The internet doesn’t hold back
Image credit: @AnnTWolf3/X; @AnaKasparian2/X
The segment spread quickly – and so did the backlash. A post sharing the segment garnered more than 246,000 views and 12,000 likes in just three hours — and the reactions were anything but polite.
Maher’s supporters came out swinging. One user praised him as “infuriatingly likable”, adding that Maher is right “even if I normally and fundamentally disagree with him”. Another noted that he seemed to have “lost his patience with the far left” altogether, pointing out that the same man who had clashed with conservatives for decades was now having a polite conversation with Lauren Boebert.

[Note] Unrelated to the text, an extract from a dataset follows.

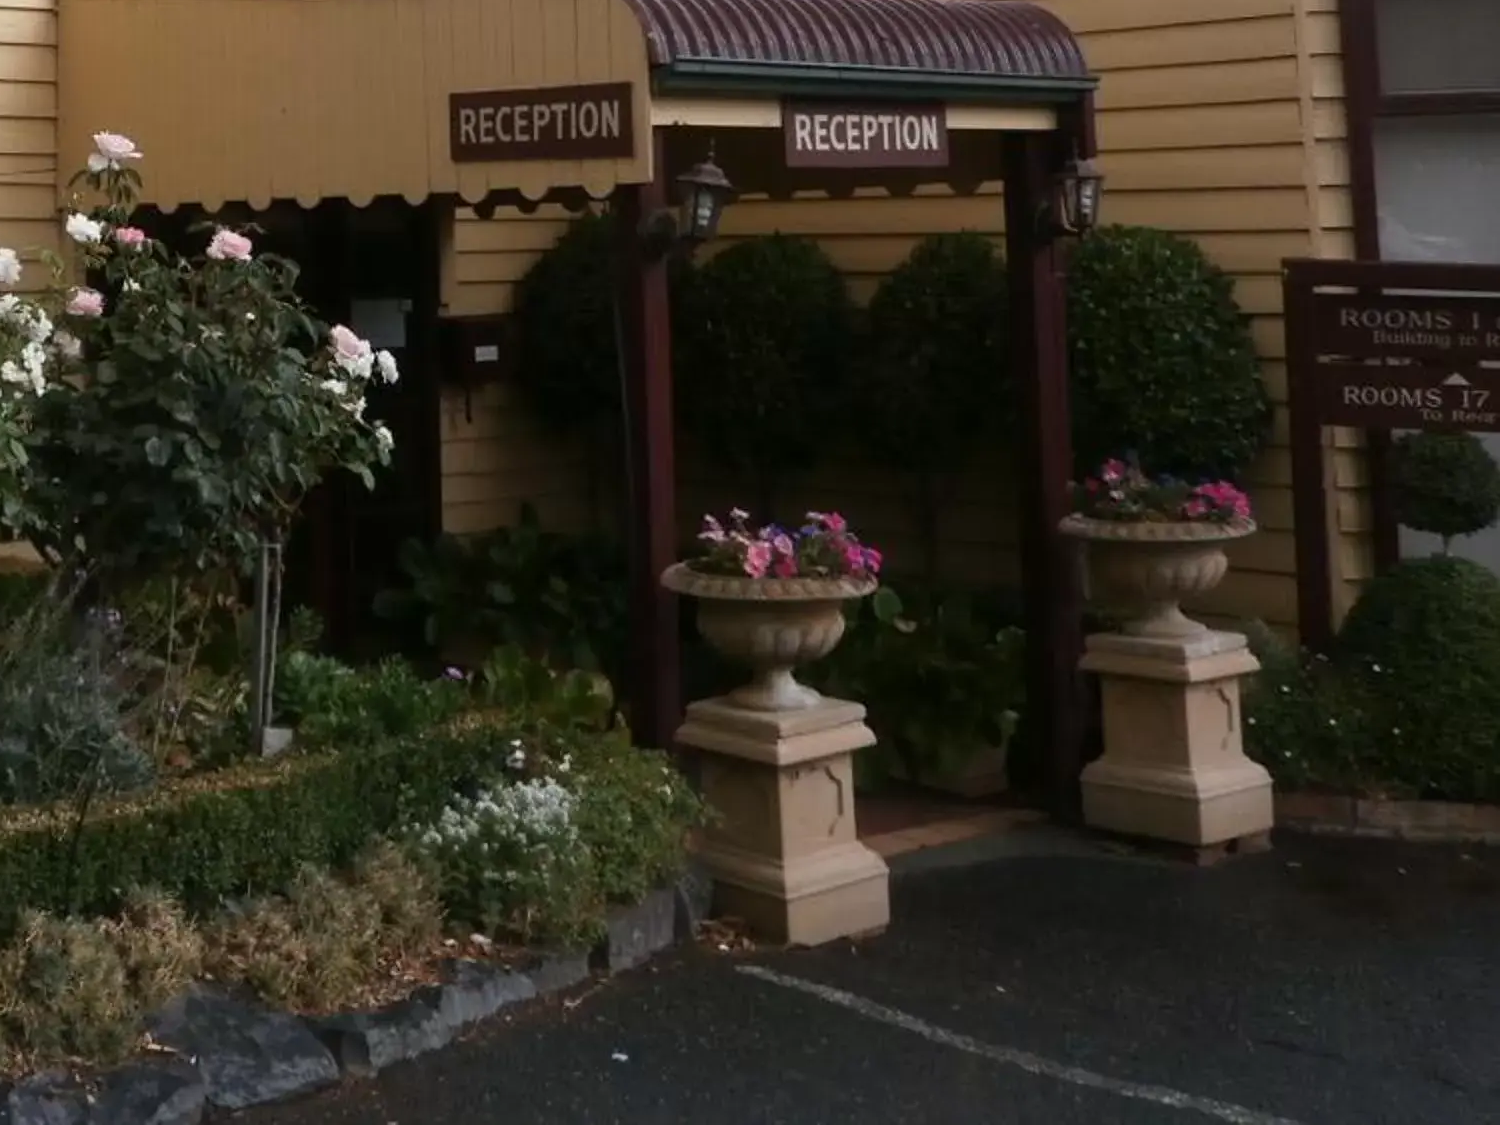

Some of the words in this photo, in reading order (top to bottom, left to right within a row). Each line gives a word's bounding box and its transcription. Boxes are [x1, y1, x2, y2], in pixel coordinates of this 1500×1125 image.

The strongest rebuttal has come from those who believe Maher is aiming at the wrong target. A 70-year-old man lecturing 24-year-old women about what they don’t know is a tough look to begin with — and critics haven’t let it go. One user wrote that “the problem is not that young people hate the West” – but that “they were handed a system that preaches freedom but offers debt and burnout and then told to be grateful for it.” Another was more direct: “Old man screaming about Billie Eilish. Just say that. It’s faster.”
Others spared no one. One called Maher a “broken clock” that “started slowly ticking” — not right most of the time, but overlapping more than before.
If Maher’s goal was to start a conversation about what Western civilization means to the generation that inherits it—mission accomplished. Whether one actually listens to the other side is an entirely different question.